Top of Available data

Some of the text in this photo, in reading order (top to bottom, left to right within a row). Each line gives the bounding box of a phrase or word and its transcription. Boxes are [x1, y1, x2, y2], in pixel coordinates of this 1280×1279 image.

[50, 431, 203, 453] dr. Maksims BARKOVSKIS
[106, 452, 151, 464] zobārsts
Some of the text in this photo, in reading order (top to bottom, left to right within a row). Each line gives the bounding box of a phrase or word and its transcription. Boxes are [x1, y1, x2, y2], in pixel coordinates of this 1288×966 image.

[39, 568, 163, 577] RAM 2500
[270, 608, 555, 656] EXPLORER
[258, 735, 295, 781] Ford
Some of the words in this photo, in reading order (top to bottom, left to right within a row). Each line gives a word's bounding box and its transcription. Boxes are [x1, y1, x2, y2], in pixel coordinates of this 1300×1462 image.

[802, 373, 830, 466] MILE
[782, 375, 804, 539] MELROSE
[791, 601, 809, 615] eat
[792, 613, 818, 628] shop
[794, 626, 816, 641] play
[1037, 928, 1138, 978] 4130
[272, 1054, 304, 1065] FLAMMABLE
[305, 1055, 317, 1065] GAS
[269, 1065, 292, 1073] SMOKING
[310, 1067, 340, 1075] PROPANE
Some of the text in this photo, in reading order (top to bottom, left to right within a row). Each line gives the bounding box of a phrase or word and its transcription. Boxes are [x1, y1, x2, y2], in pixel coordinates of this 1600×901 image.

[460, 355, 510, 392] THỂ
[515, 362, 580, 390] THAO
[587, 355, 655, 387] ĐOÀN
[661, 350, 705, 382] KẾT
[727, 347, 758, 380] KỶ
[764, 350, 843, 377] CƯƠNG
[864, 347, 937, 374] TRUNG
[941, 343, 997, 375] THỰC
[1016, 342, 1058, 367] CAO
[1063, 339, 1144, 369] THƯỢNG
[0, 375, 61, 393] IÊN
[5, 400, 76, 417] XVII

Bottom of Available data

# What to do
The entries above must be written out again exactly as they are.

# Solution to this task
Some of the text in this photo, in reading order (top to bottom, left to right within a row). Each line gives the bounding box of a phrase or word and its transcription. Boxes are [x1, y1, x2, y2], in pixel coordinates of this 1280×1279 image.

[50, 431, 203, 453] dr. Maksims BARKOVSKIS
[106, 452, 151, 464] zobārsts
Some of the text in this photo, in reading order (top to bottom, left to right within a row). Each line gives the bounding box of a phrase or word and its transcription. Boxes are [x1, y1, x2, y2], in pixel coordinates of this 1288×966 image.

[39, 568, 163, 577] RAM 2500
[270, 608, 555, 656] EXPLORER
[258, 735, 295, 781] Ford
Some of the words in this photo, in reading order (top to bottom, left to right within a row). Each line gives a word's bounding box and its transcription. Boxes are [x1, y1, x2, y2], in pixel coordinates of this 1300×1462 image.

[802, 373, 830, 466] MILE
[782, 375, 804, 539] MELROSE
[791, 601, 809, 615] eat
[792, 613, 818, 628] shop
[794, 626, 816, 641] play
[1037, 928, 1138, 978] 4130
[272, 1054, 304, 1065] FLAMMABLE
[305, 1055, 317, 1065] GAS
[269, 1065, 292, 1073] SMOKING
[310, 1067, 340, 1075] PROPANE
Some of the text in this photo, in reading order (top to bottom, left to right within a row). Each line gives the bounding box of a phrase or word and its transcription. Boxes are [x1, y1, x2, y2], in pixel coordinates of this 1600×901 image.

[460, 355, 510, 392] THỂ
[515, 362, 580, 390] THAO
[587, 355, 655, 387] ĐOÀN
[661, 350, 705, 382] KẾT
[727, 347, 758, 380] KỶ
[764, 350, 843, 377] CƯƠNG
[864, 347, 937, 374] TRUNG
[941, 343, 997, 375] THỰC
[1016, 342, 1058, 367] CAO
[1063, 339, 1144, 369] THƯỢNG
[0, 375, 61, 393] IÊN
[5, 400, 76, 417] XVII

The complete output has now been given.